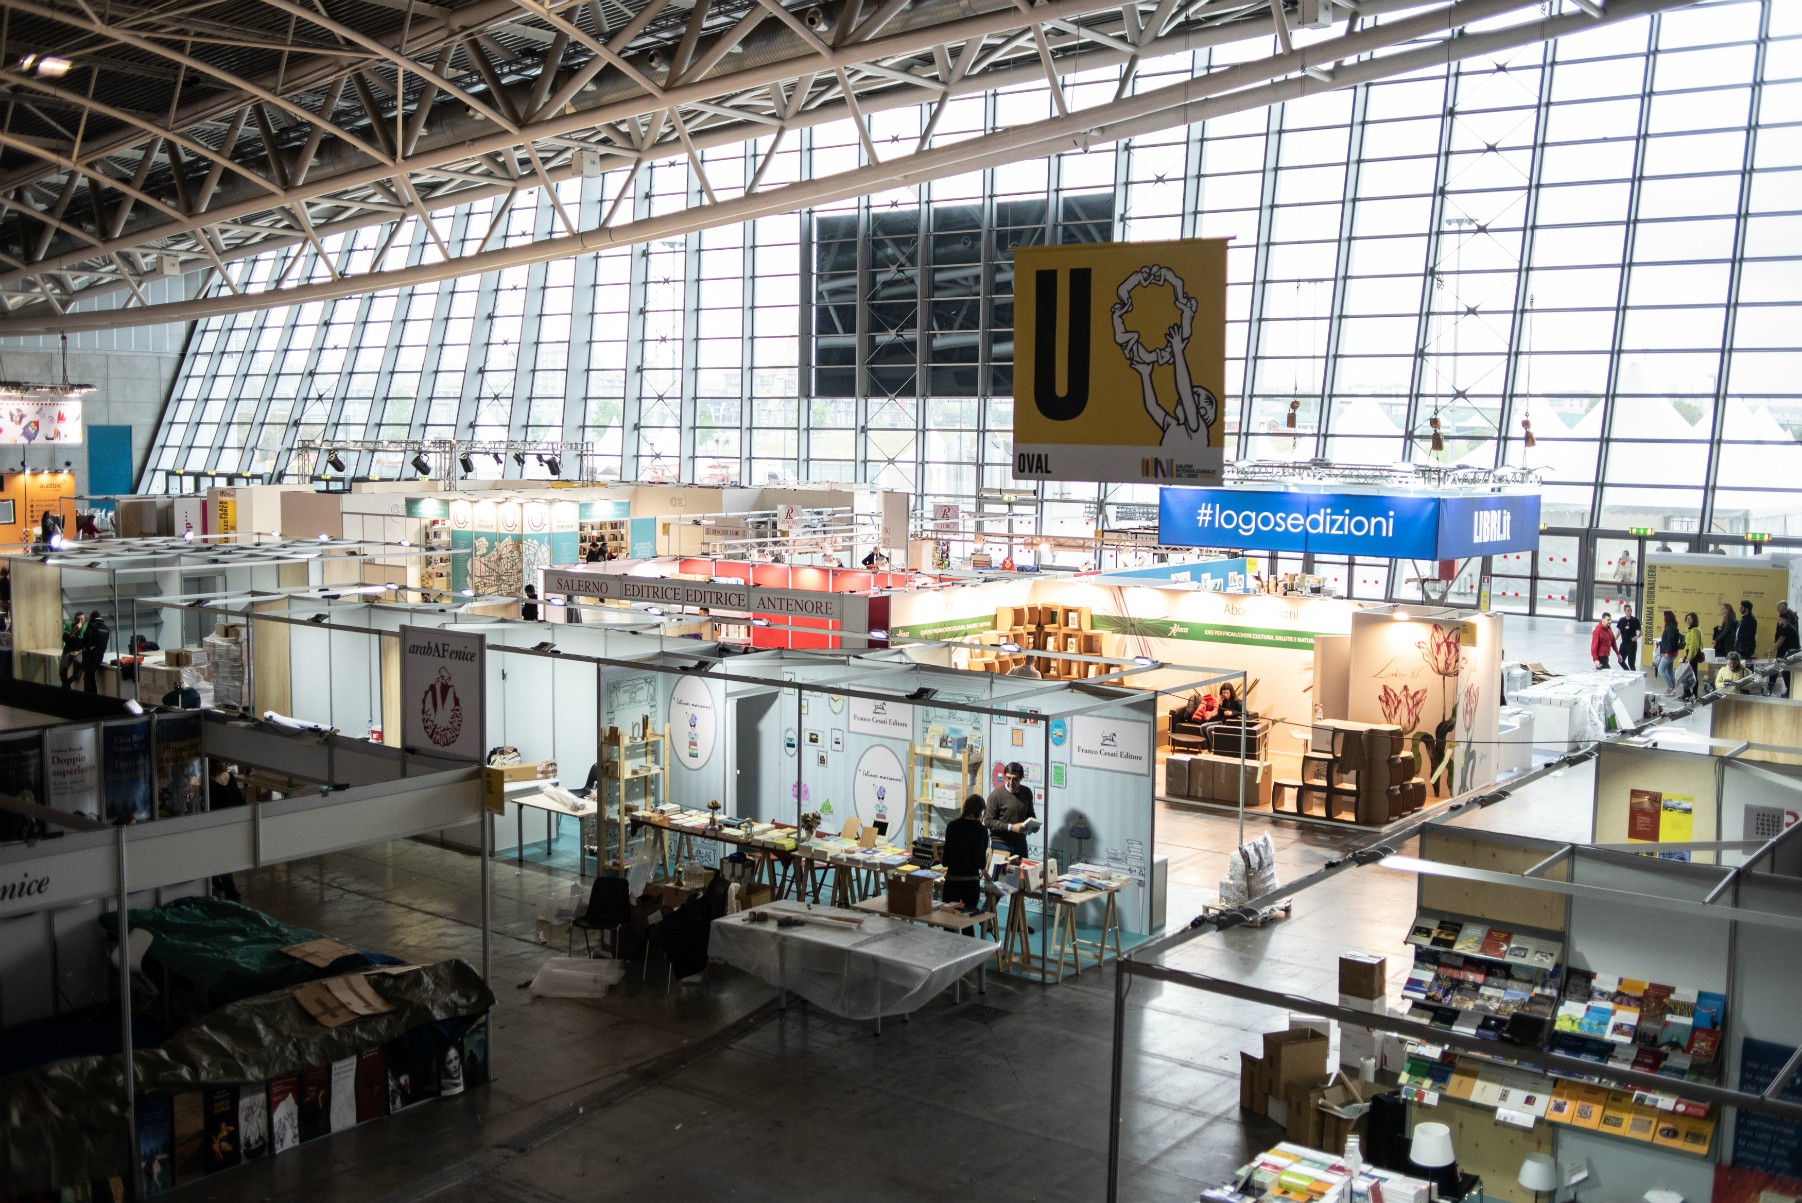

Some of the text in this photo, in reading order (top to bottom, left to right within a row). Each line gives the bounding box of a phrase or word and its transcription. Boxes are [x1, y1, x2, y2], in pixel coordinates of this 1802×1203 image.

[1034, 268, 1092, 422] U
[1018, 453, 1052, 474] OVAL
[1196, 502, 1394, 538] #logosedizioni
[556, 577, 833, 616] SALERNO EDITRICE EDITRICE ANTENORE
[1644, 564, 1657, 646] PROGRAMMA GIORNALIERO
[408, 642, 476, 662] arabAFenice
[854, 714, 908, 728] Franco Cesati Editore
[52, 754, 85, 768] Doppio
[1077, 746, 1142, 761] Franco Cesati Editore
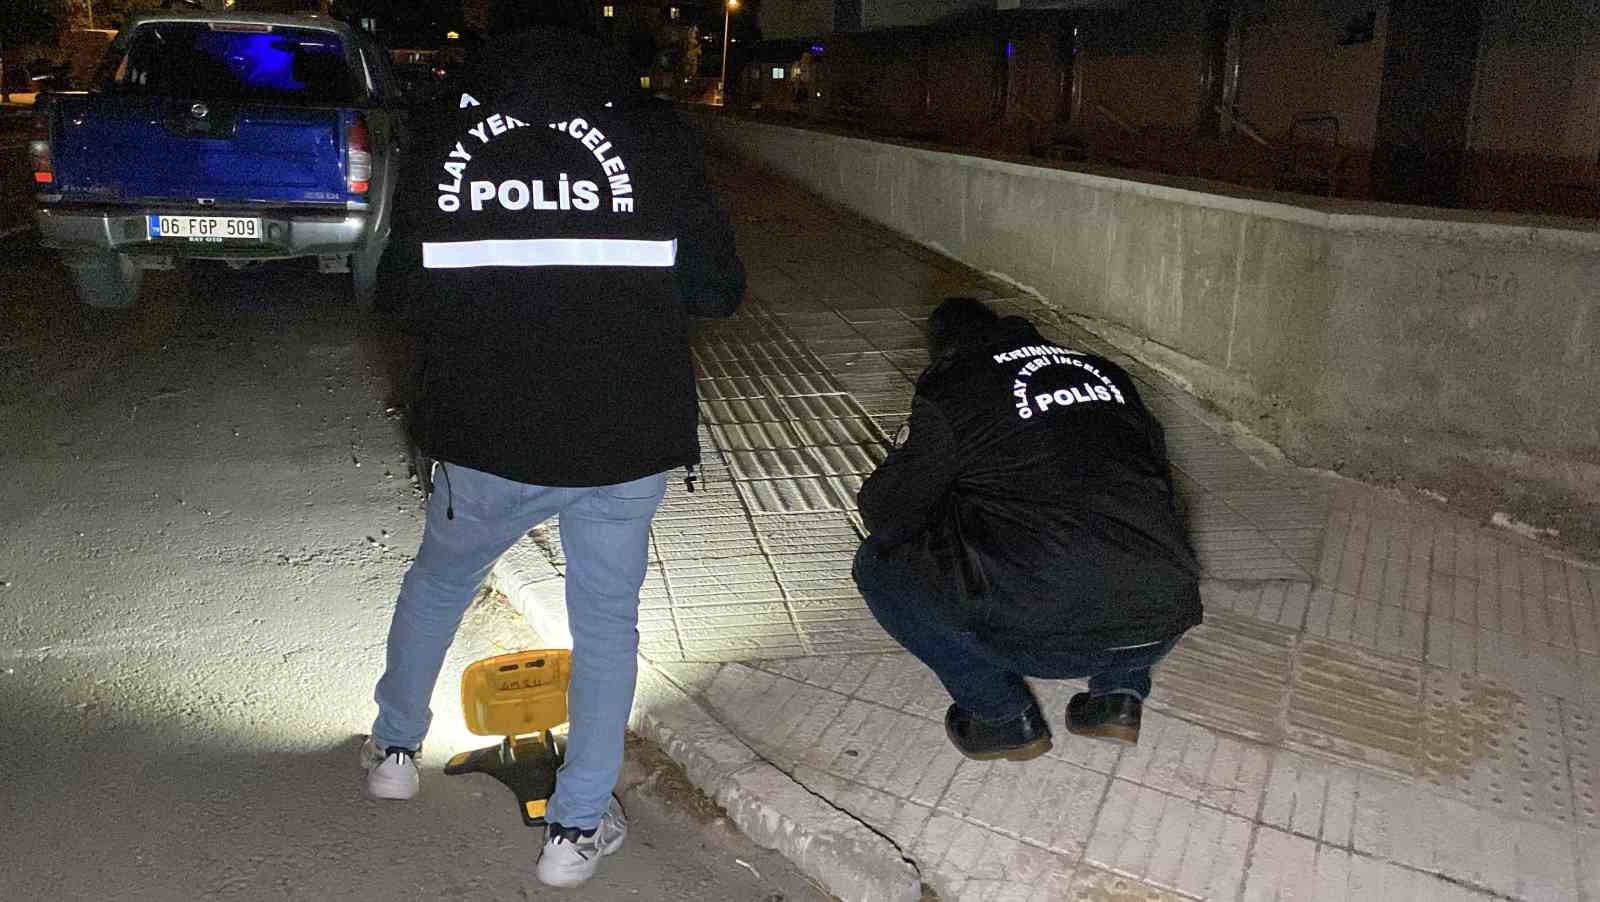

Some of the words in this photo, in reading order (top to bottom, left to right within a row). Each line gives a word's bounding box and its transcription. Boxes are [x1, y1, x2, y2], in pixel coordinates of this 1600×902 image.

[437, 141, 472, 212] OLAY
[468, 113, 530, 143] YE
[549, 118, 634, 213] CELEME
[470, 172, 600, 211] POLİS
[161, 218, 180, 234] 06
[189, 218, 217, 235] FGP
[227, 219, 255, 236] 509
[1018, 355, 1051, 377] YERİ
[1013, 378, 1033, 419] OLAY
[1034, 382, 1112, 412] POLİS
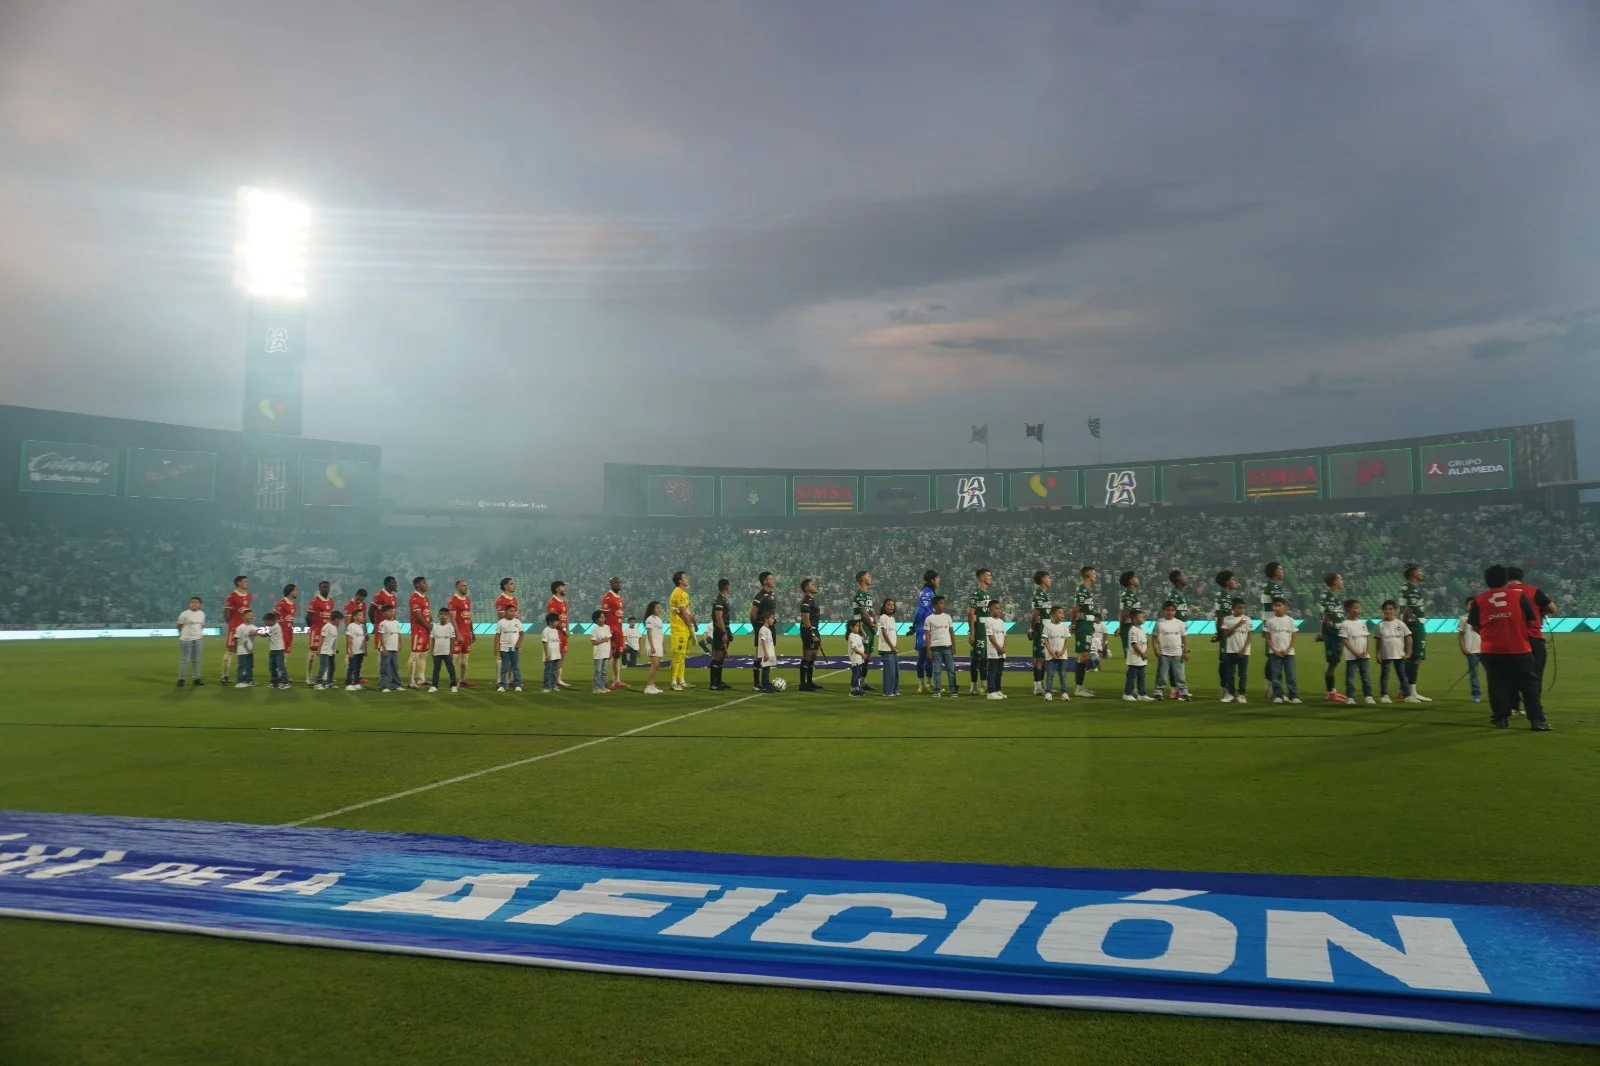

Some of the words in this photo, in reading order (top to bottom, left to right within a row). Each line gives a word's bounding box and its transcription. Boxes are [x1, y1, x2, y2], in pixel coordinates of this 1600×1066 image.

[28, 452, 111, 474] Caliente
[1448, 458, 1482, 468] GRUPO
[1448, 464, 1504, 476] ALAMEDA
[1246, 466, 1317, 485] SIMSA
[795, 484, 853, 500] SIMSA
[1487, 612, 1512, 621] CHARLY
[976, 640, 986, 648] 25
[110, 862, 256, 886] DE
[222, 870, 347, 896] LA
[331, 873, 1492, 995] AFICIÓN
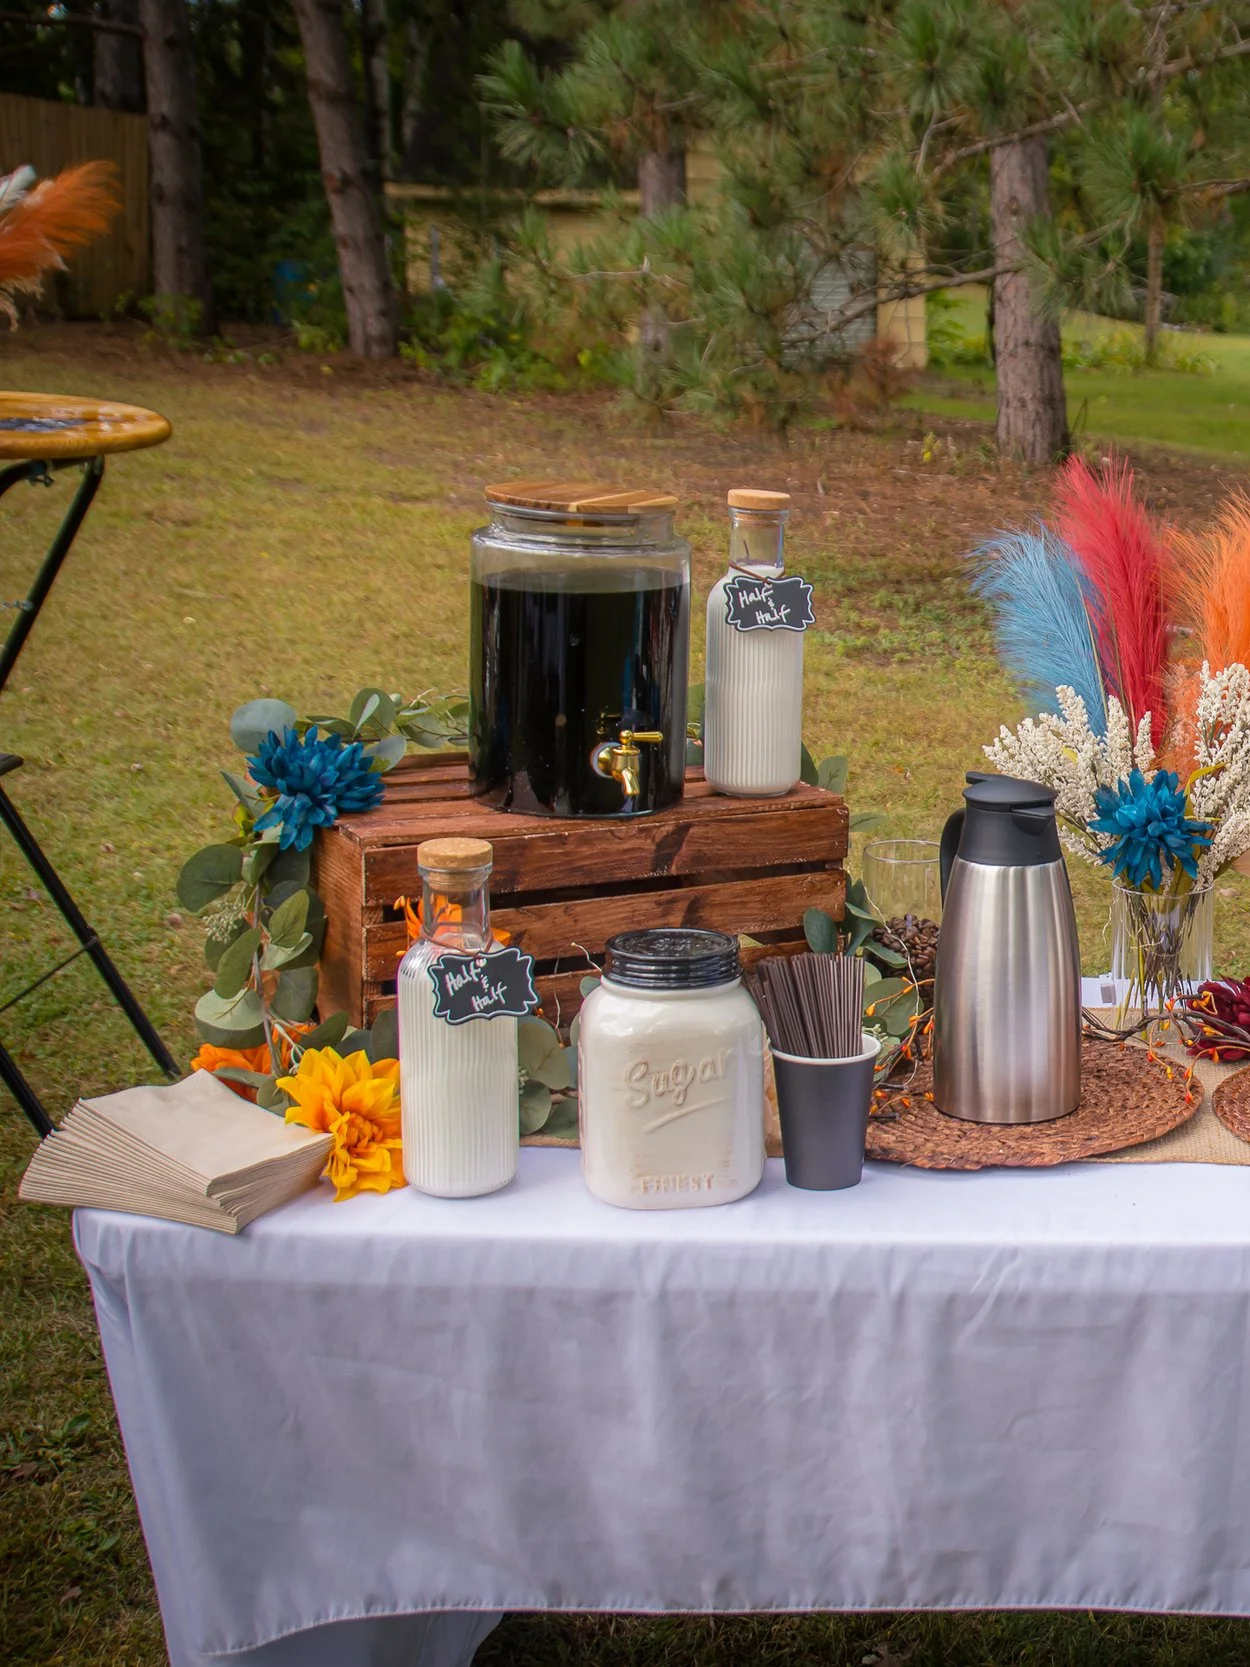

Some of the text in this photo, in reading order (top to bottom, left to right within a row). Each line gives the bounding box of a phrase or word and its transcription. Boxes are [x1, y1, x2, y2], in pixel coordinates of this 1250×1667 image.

Goal of the exercise: With every picture left out, print exactly the lines from the one containing "this 1600×1066 image." through the final line of the material above.

Solution for this task:
Some of the words in this photo, in reading order (top to bottom, left to right within a row). Each line gives a word's bounding box and its transcription. Boxes are [x1, y1, x2, y2], in pixel coordinates of this 1600×1066 image.

[28, 452, 111, 474] Caliente
[1448, 458, 1482, 468] GRUPO
[1448, 464, 1504, 476] ALAMEDA
[1246, 466, 1317, 485] SIMSA
[795, 484, 853, 500] SIMSA
[1487, 612, 1512, 621] CHARLY
[976, 640, 986, 648] 25
[110, 862, 256, 886] DE
[222, 870, 347, 896] LA
[331, 873, 1492, 995] AFICIÓN

Some of the text in this photo, in reading order (top to bottom, left to right within a row). Each line gives the bounding box of a phrase or word and its transcription. Boxes are [x1, y1, x2, y2], in pixel coordinates of this 1250×1667 image.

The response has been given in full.